§ Problem to work on: Word for word, restate each of the entries below, and drop every picture.

§ Information shown:

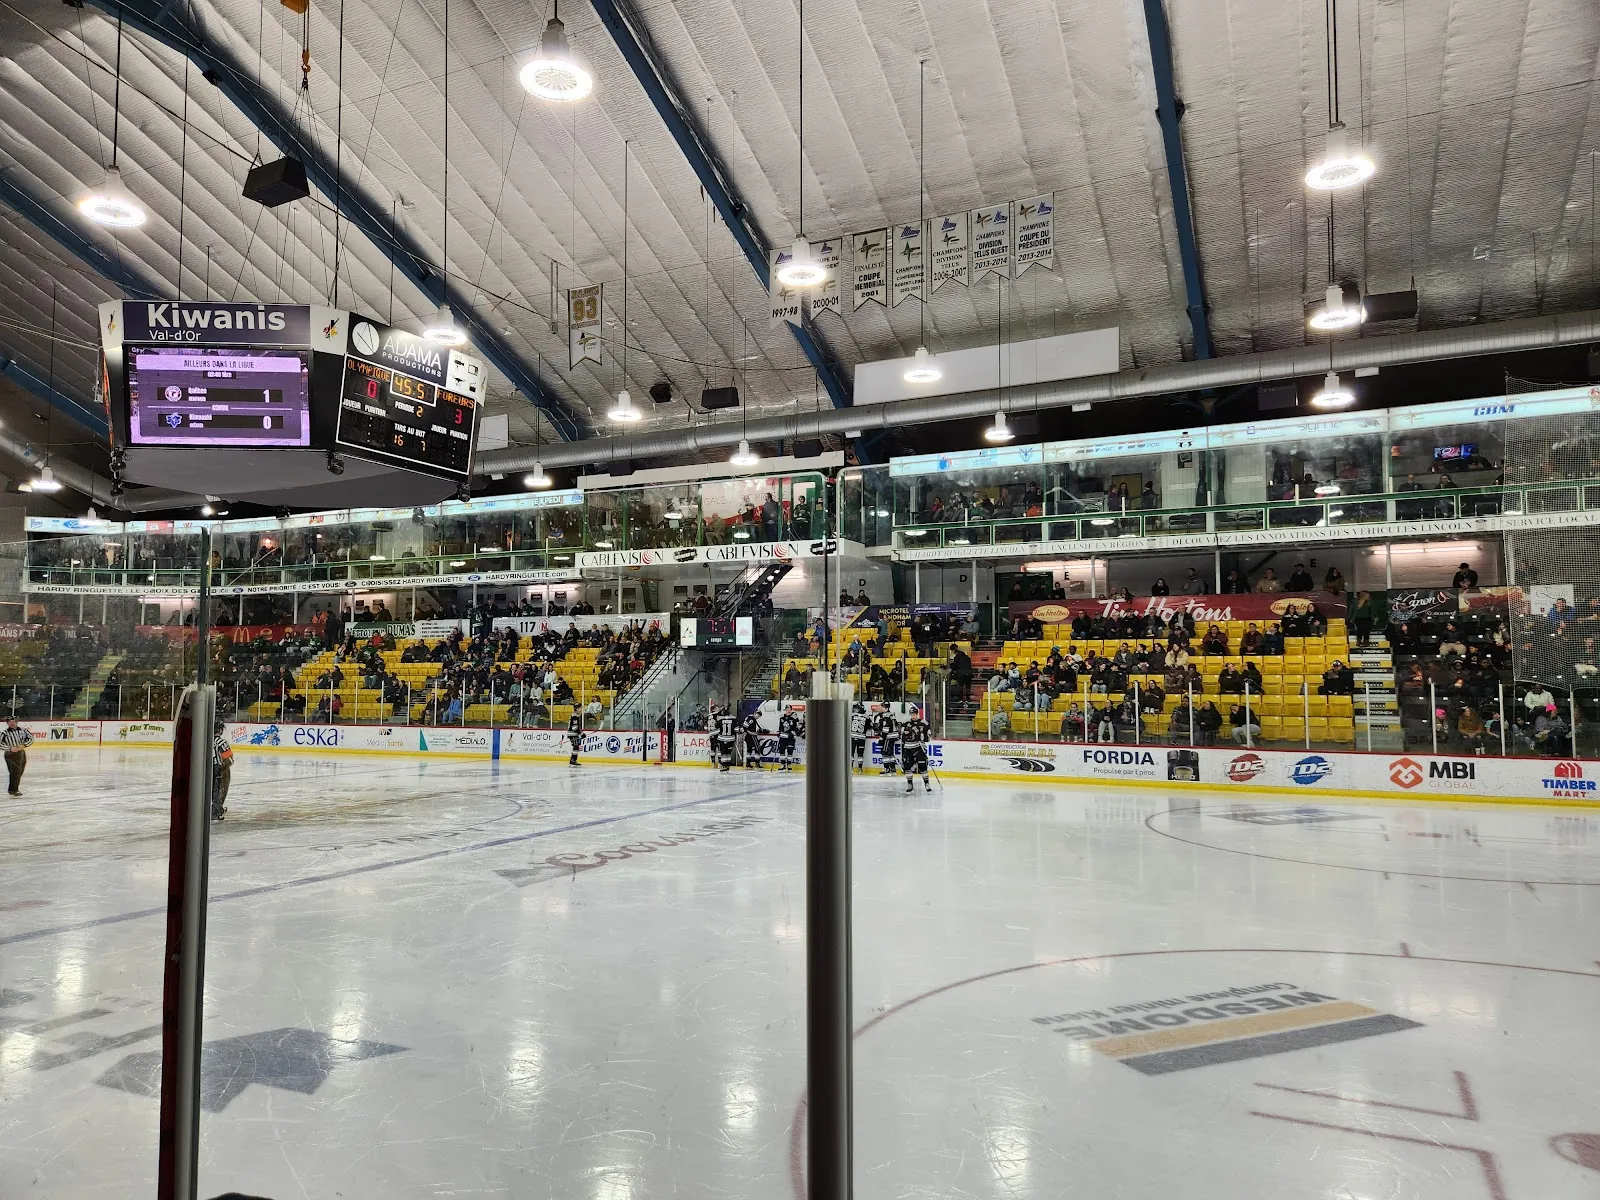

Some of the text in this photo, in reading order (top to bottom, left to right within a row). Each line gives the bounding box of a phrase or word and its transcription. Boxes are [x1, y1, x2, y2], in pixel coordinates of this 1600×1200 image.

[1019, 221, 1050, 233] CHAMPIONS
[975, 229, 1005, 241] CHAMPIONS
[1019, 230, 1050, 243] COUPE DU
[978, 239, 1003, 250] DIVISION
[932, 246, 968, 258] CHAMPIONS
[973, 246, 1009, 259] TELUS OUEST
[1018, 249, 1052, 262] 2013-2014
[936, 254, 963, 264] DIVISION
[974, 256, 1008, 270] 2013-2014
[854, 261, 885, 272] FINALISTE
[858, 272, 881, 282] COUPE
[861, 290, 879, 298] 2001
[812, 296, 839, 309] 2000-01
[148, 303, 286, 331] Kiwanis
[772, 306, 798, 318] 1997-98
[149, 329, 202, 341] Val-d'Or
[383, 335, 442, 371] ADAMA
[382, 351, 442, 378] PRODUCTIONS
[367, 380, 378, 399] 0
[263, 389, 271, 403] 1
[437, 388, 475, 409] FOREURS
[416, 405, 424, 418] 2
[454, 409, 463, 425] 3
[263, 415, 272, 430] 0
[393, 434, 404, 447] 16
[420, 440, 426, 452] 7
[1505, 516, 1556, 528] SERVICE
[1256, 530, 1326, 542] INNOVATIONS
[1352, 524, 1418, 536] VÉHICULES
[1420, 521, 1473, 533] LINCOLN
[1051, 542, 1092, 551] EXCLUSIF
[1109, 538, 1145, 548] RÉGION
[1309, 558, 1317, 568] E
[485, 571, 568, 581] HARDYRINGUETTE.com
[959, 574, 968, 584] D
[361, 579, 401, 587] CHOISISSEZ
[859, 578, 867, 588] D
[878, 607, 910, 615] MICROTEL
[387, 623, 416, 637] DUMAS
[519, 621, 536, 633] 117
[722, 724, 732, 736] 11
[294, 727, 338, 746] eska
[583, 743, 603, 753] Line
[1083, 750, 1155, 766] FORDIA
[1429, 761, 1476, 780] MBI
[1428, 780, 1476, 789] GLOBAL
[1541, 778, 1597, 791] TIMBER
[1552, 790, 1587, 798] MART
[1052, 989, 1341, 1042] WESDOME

§ Answer below:
Some of the text in this photo, in reading order (top to bottom, left to right within a row). Each line gives the bounding box of a phrase or word and its transcription. Boxes are [x1, y1, x2, y2], in pixel coordinates of this 1600×1200 image.

[1019, 221, 1050, 233] CHAMPIONS
[975, 229, 1005, 241] CHAMPIONS
[1019, 230, 1050, 243] COUPE DU
[978, 239, 1003, 250] DIVISION
[932, 246, 968, 258] CHAMPIONS
[973, 246, 1009, 259] TELUS OUEST
[1018, 249, 1052, 262] 2013-2014
[936, 254, 963, 264] DIVISION
[974, 256, 1008, 270] 2013-2014
[854, 261, 885, 272] FINALISTE
[858, 272, 881, 282] COUPE
[861, 290, 879, 298] 2001
[812, 296, 839, 309] 2000-01
[148, 303, 286, 331] Kiwanis
[772, 306, 798, 318] 1997-98
[149, 329, 202, 341] Val-d'Or
[383, 335, 442, 371] ADAMA
[382, 351, 442, 378] PRODUCTIONS
[367, 380, 378, 399] 0
[263, 389, 271, 403] 1
[437, 388, 475, 409] FOREURS
[416, 405, 424, 418] 2
[454, 409, 463, 425] 3
[263, 415, 272, 430] 0
[393, 434, 404, 447] 16
[420, 440, 426, 452] 7
[1505, 516, 1556, 528] SERVICE
[1256, 530, 1326, 542] INNOVATIONS
[1352, 524, 1418, 536] VÉHICULES
[1420, 521, 1473, 533] LINCOLN
[1051, 542, 1092, 551] EXCLUSIF
[1109, 538, 1145, 548] RÉGION
[1309, 558, 1317, 568] E
[485, 571, 568, 581] HARDYRINGUETTE.com
[959, 574, 968, 584] D
[361, 579, 401, 587] CHOISISSEZ
[859, 578, 867, 588] D
[878, 607, 910, 615] MICROTEL
[387, 623, 416, 637] DUMAS
[519, 621, 536, 633] 117
[722, 724, 732, 736] 11
[294, 727, 338, 746] eska
[583, 743, 603, 753] Line
[1083, 750, 1155, 766] FORDIA
[1429, 761, 1476, 780] MBI
[1428, 780, 1476, 789] GLOBAL
[1541, 778, 1597, 791] TIMBER
[1552, 790, 1587, 798] MART
[1052, 989, 1341, 1042] WESDOME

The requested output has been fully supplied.